Kenyon, invece, appare più empatico, sensibile e curioso di conoscere, anche se ha tratti del carattere inutilmente rigoroso di Hilda, e oscilla tra le due possibilità. Alla fine deciderà di seguire Hilda, rinunciando probabilmente anche all'arte (p. 386): Immaginazione e amore per l'arte sono morti per me; la scelta più facile.

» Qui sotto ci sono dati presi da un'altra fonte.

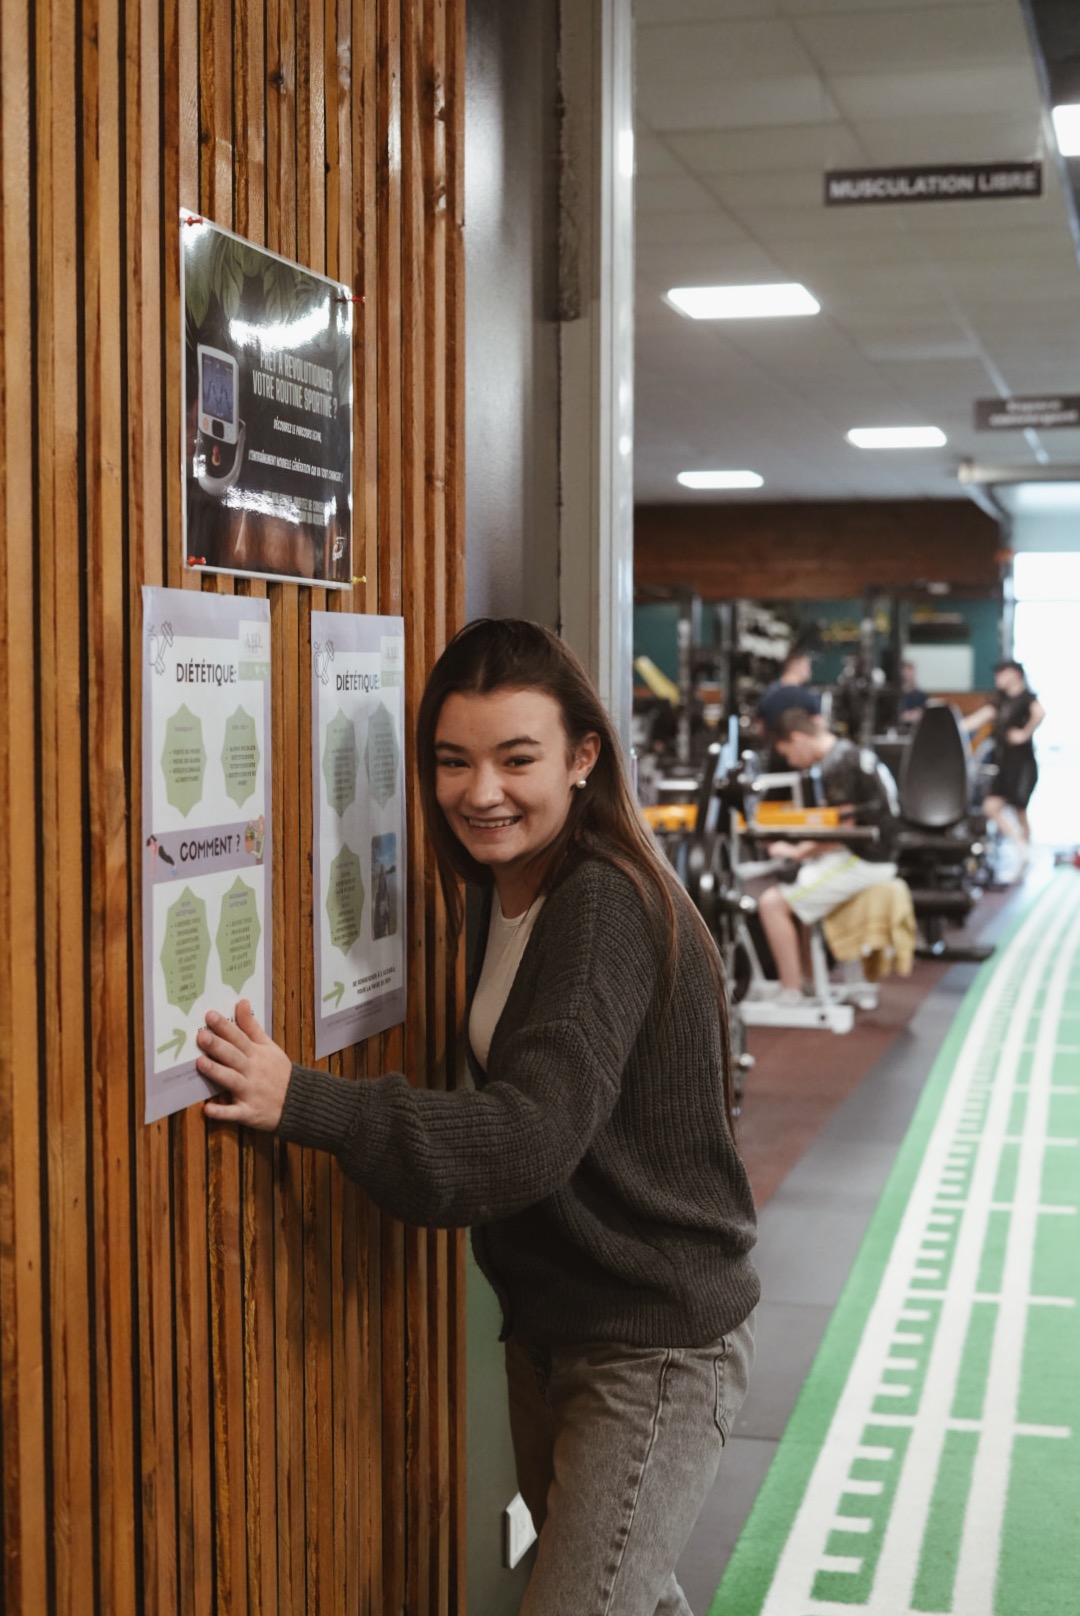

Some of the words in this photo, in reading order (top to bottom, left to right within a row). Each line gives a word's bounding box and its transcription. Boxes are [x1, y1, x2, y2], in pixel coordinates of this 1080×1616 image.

[829, 174, 975, 199] MUSCULATION
[977, 170, 1037, 193] LIBRE
[252, 369, 275, 400] VOTRE
[275, 377, 303, 409] ROUTINE
[303, 387, 333, 419] SPORTIVE
[332, 397, 338, 420] ?
[180, 835, 232, 862] COMMENT
[236, 834, 241, 853] ?
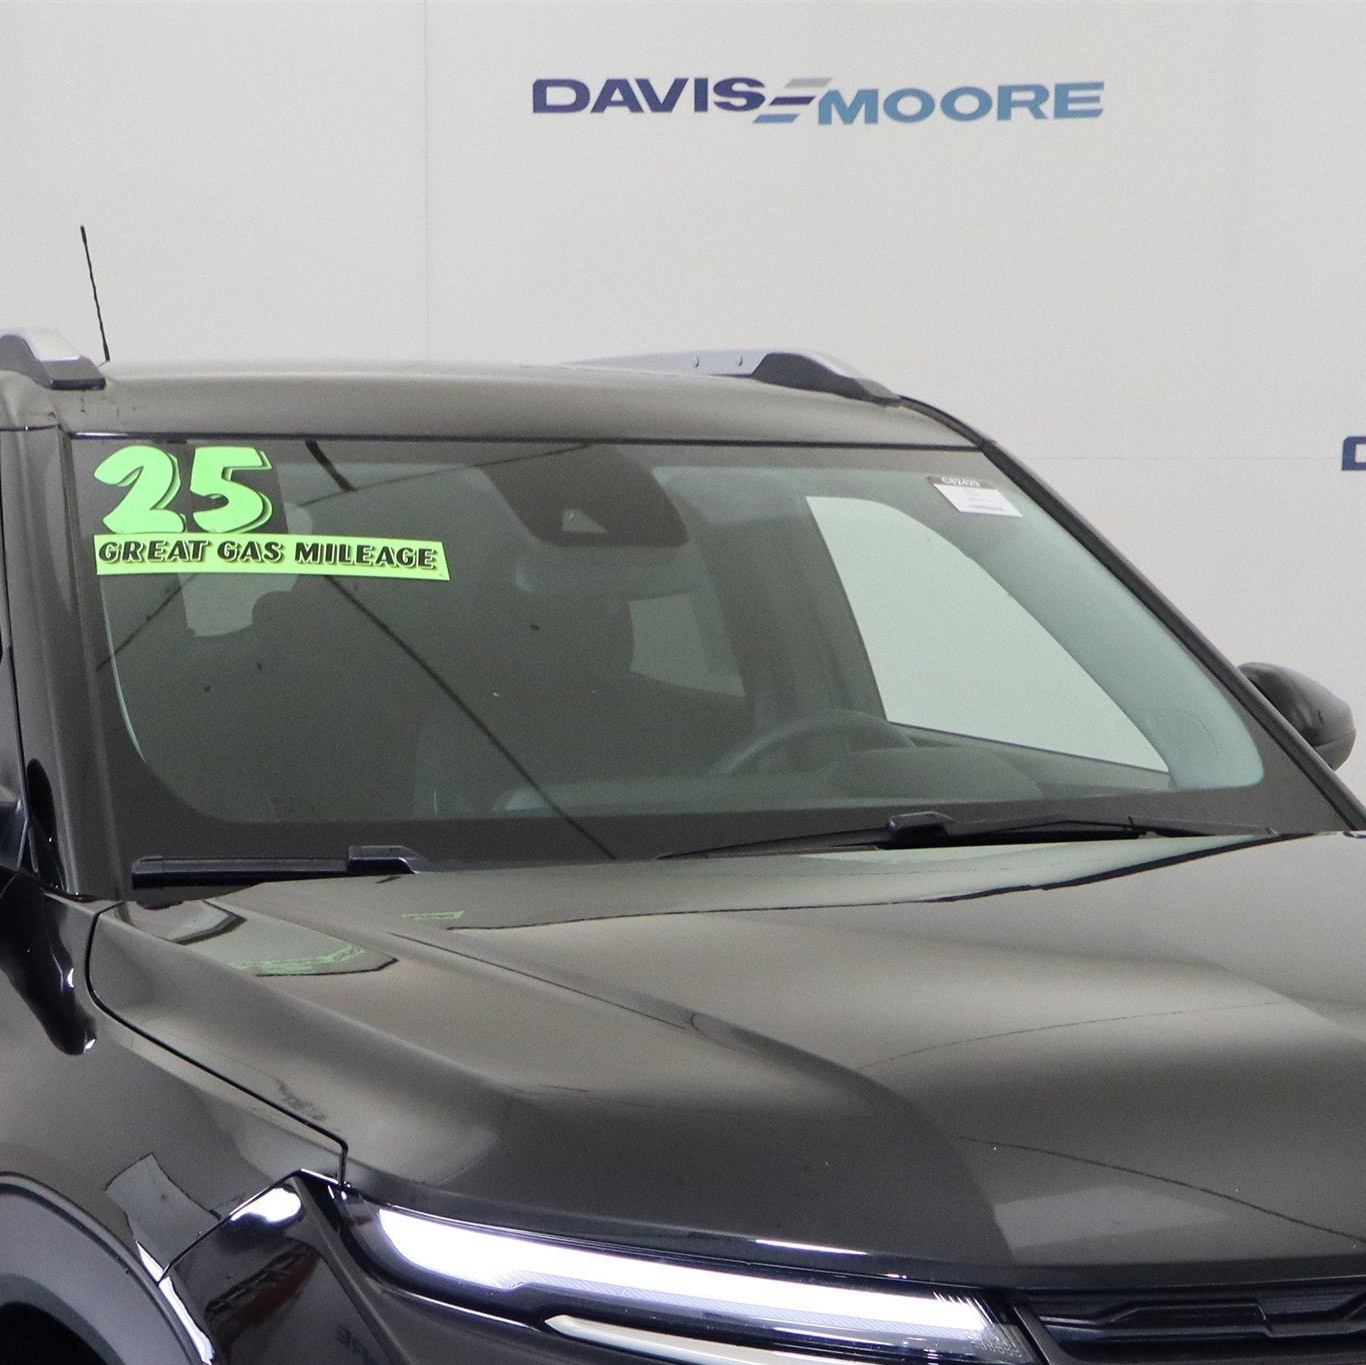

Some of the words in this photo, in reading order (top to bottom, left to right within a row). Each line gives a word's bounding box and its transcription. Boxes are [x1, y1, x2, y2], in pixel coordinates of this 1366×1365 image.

Se la "caduta" di Donatello rimanda a quella di Adamo, Miriam è ovviamente Eva, e questo ruolo è anticipato dai disegni che gli mostra (cap. 5), che rappresentano GiaeleGiudittaSalomè. Miriam è l'unica che può "vantare" una precedente esperienza del male, e il suo senso di colpa aumenta per via del suo ruolo nel delitto di Donatello e per l'effetto che ha avuto su lui e su Hilda (meno per il delitto in sé; si ricordi anzi il senso quasi di esaltazione che prova subito dopo). Da un certo punto di vista mi pare il personaggio più riuscito, sensibile e capace di leggere negli altri (si veda il dialogo al cap. 23), indipendente ed autonoma (ed infatti Miriam crea, mentre Hilda copia solamente). Resterà sola con le sue meditazioni, come Hester ne La lettera scarlatta, come se fosse stata sulla sponda opposta d'un insondabile abisso e li ammonisse di stare lontani dal suo orlo (p. 415). La società di allora, e pure quella di oggi, non sono pronte per lei.